On September 22, 2015, the Securities and Exchange Commission (SEC) announced the settlement of an enforcement action against a St. Louis-based registered investment adviser brought under Rule 30(a) of Regulation S-P (Safeguards Rule). The SEC Order charged the adviser with violating the Safeguards Rule by failing to adopt written cybersecurity policies and procedures reasonably designed to protect customer records and information.
The Safeguards Rule, adopted by the SEC in 2000 and subsequently amended in 2005, requires every SEC-registered investment adviser (among other SEC registrants) to adopt written policies and procedures addressing administrative, technical and physical safeguards.

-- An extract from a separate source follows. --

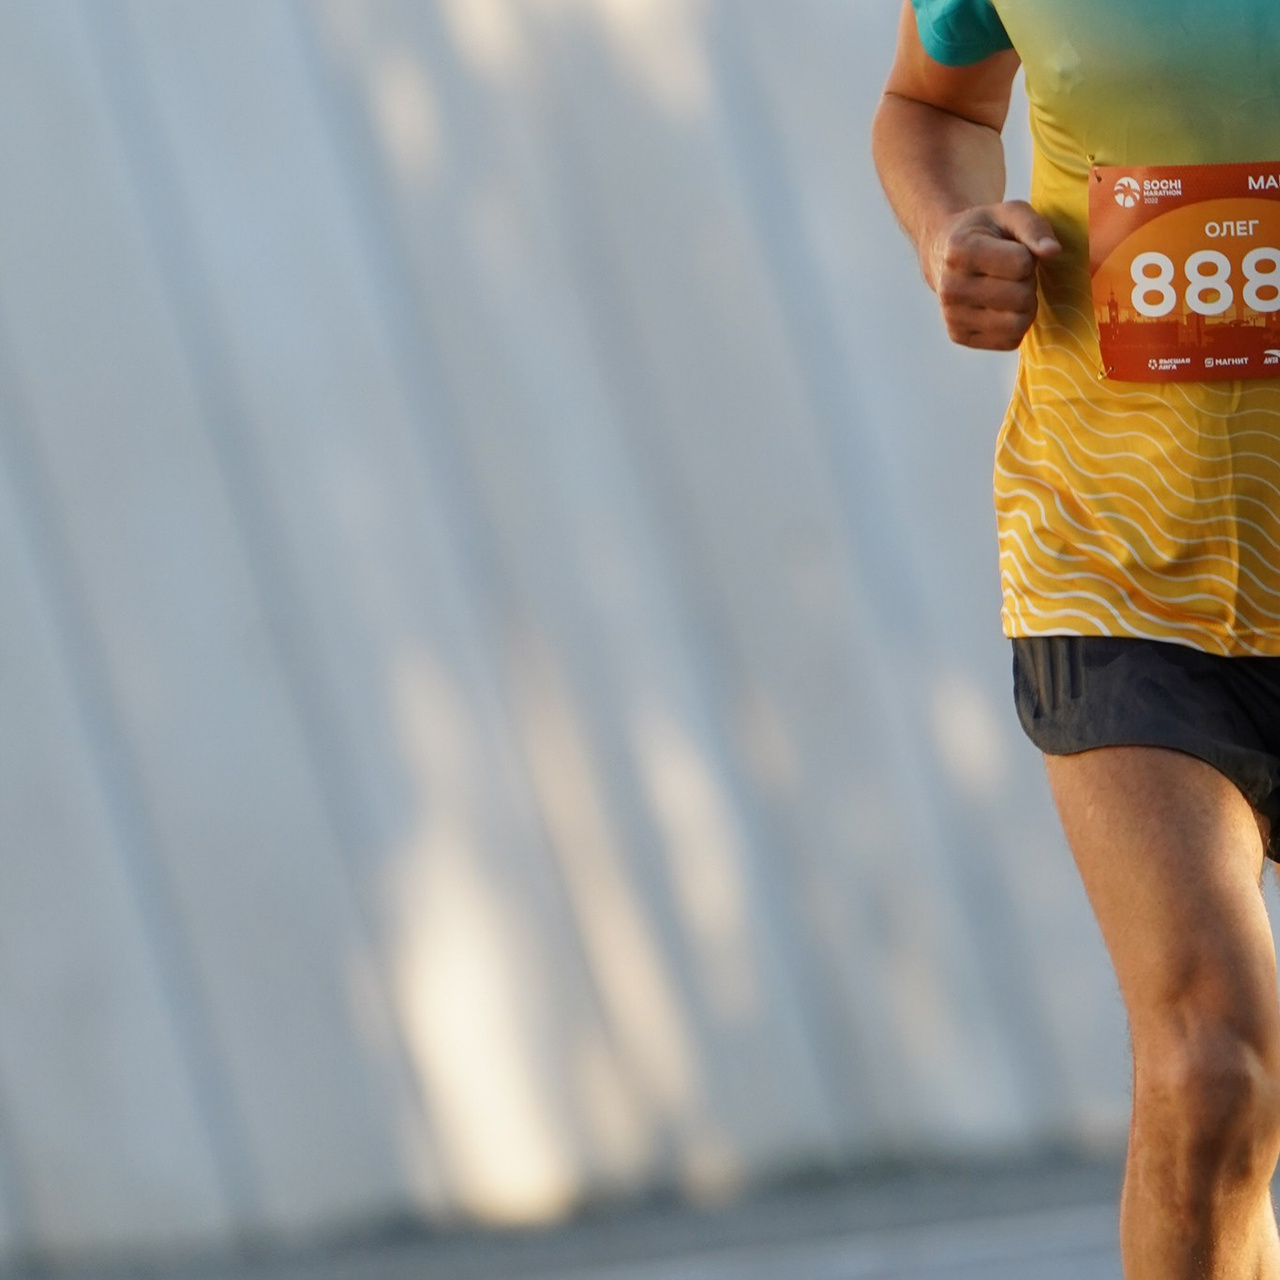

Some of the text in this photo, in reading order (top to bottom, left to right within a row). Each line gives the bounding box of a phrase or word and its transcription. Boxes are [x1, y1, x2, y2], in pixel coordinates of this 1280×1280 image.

[1143, 179, 1182, 190] SOCHI
[1204, 220, 1259, 238] ОЛЕГ
[1215, 357, 1249, 366] МАГНИТ

According to the SEC Order, from at least September 2009 through July 2013, the adviser, which did not have custody of client assets, stored sensitive personally identifiable information (PII) of its clients and other persons on its third party-hosted web server without adopting written policies and procedures regarding the security, confidentiality and protection of such PII from anticipated threats or unauthorized access.

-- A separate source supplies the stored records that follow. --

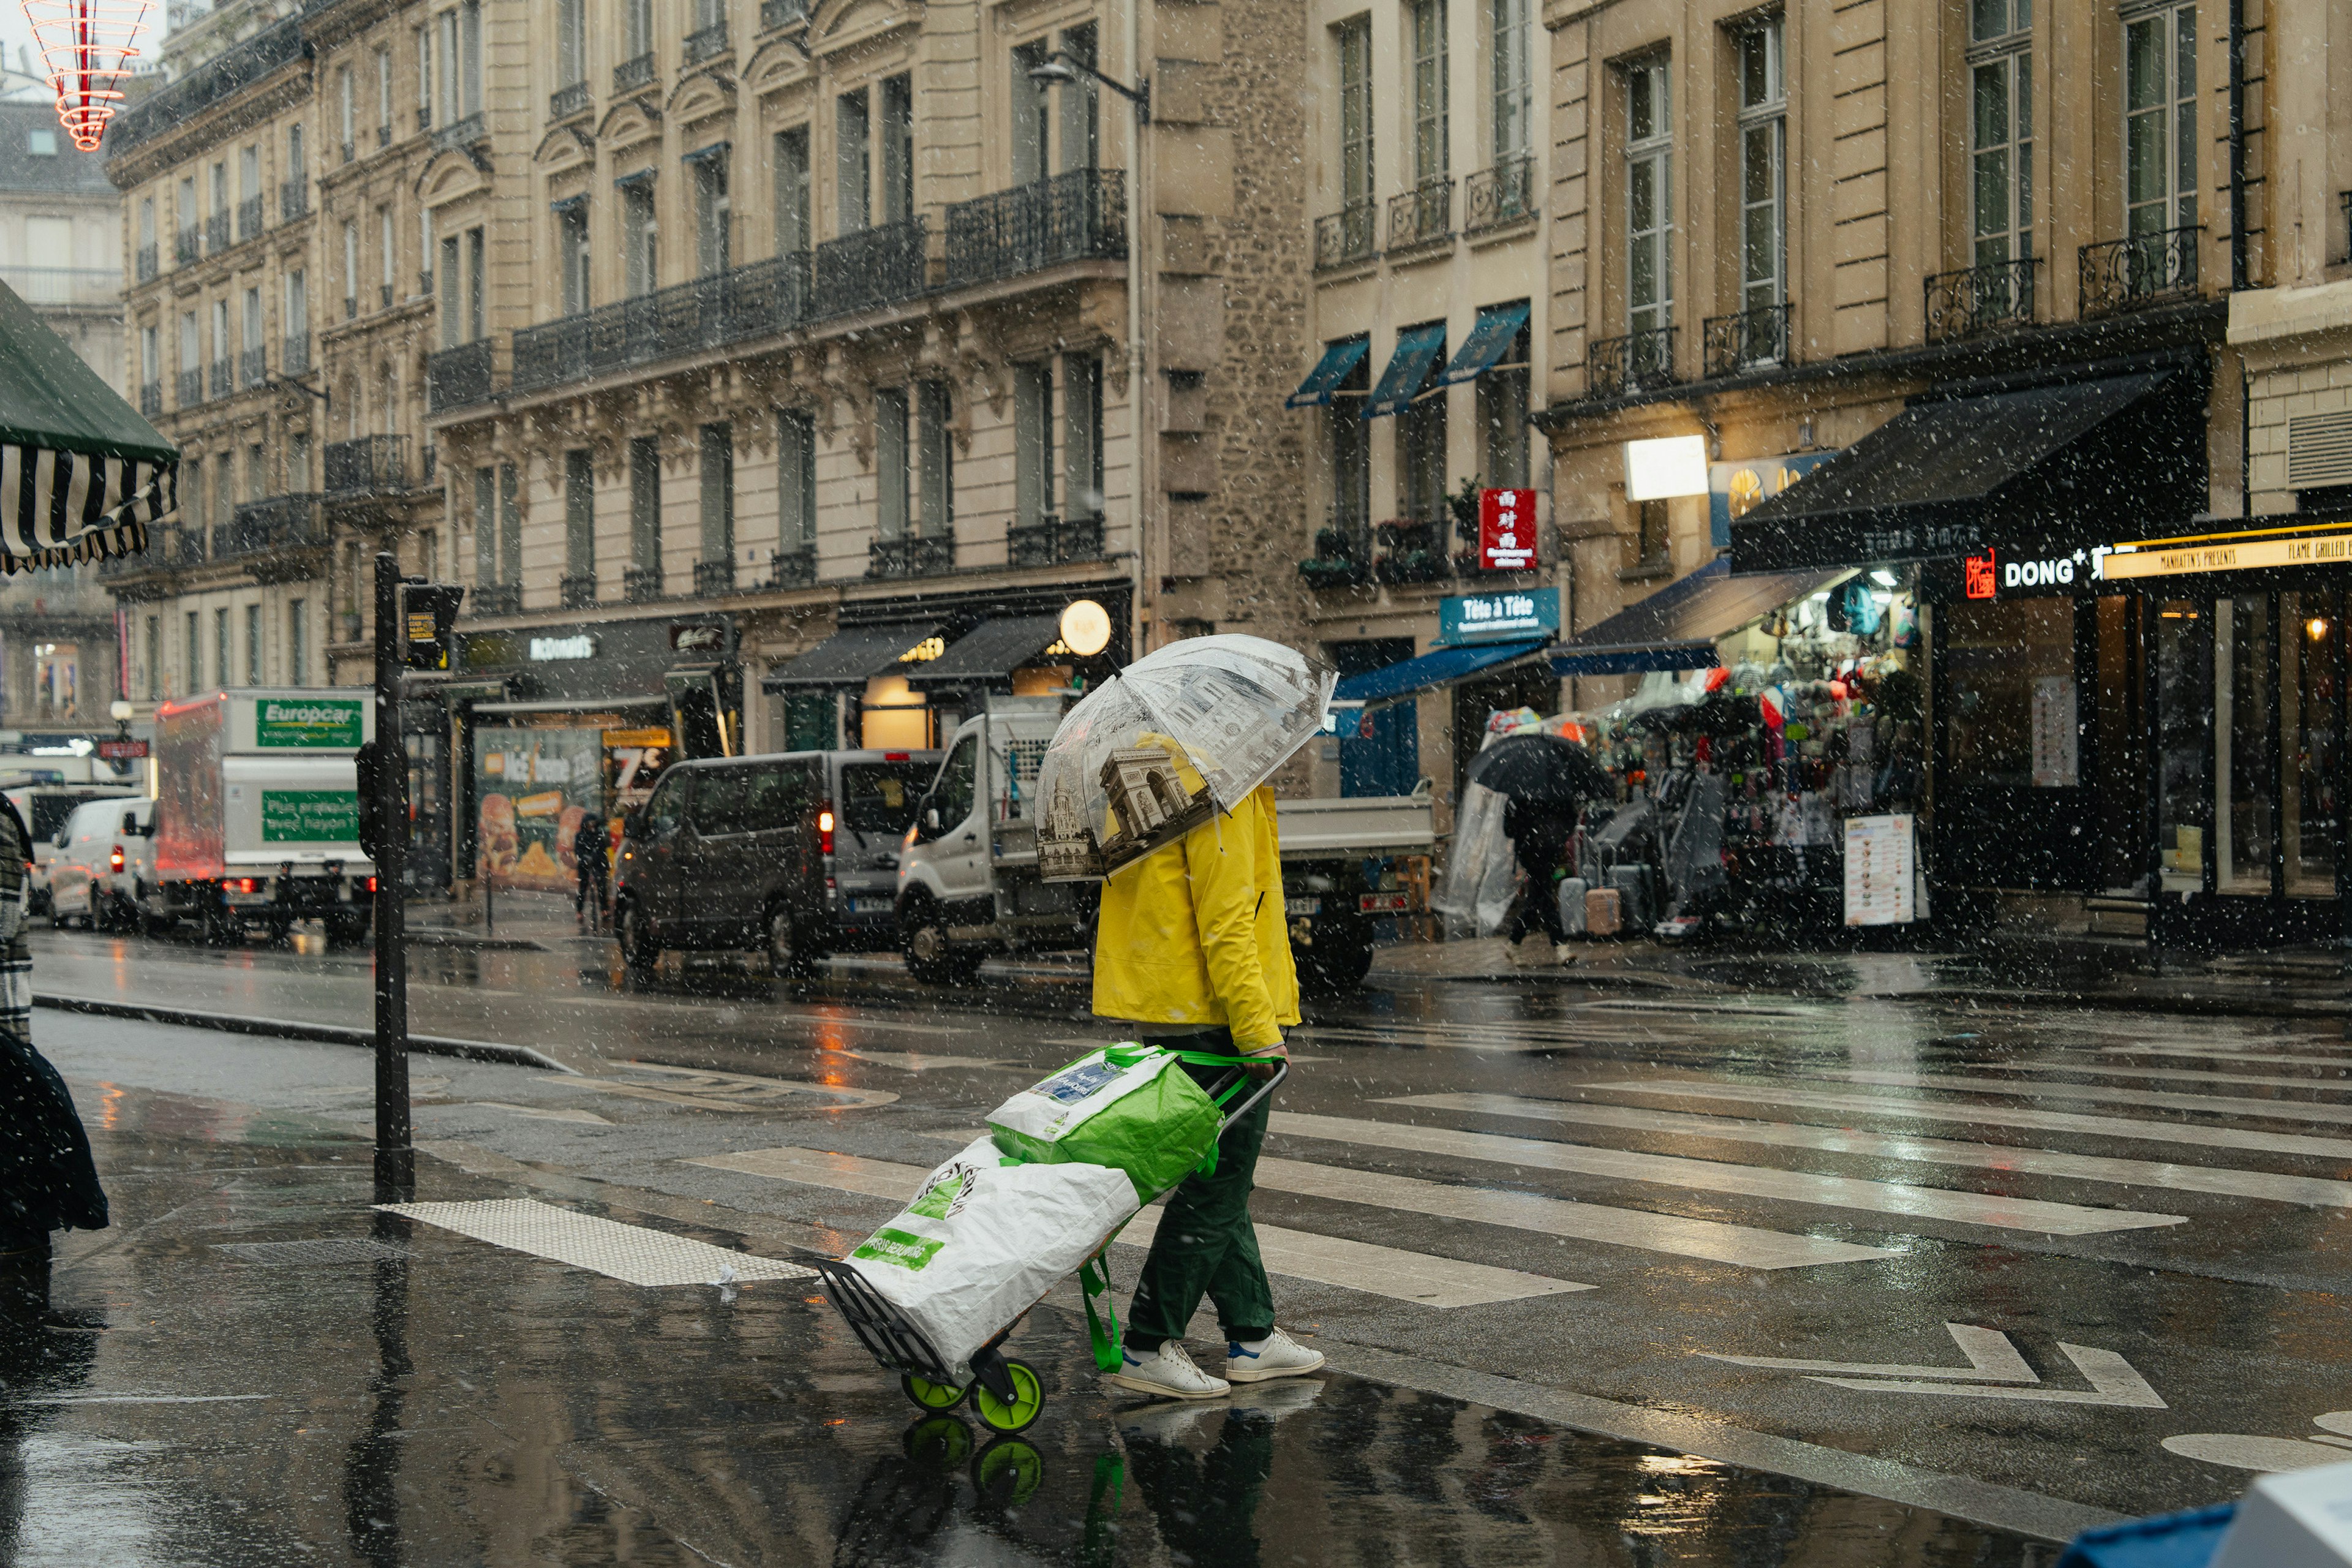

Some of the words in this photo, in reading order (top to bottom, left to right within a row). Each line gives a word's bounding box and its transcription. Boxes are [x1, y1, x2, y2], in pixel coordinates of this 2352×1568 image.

[2161, 553, 2201, 570] MANHATTN'S
[2204, 548, 2236, 566] PRESENTS
[2288, 542, 2310, 559] FLAME
[2315, 541, 2344, 558] GRILLED
[265, 704, 353, 726] Europcar

This enforcement action highlights the SEC’s continued focus on cybersecurity, one of the SEC’s Office of Compliance and Inspections and Examination’s examination priorities for 2015, as well as the SEC’s willingness to bring an enforcement action against a registered investment adviser, despite there being no apparent financial harm to such adviser’s clients. Concurrent with the announcement of this enforcement action, the SEC’s Office of Investor Education and Advocacy issued an Investor Alert setting forth important steps to take if an investor becomes a victim of identity theft or a data breach.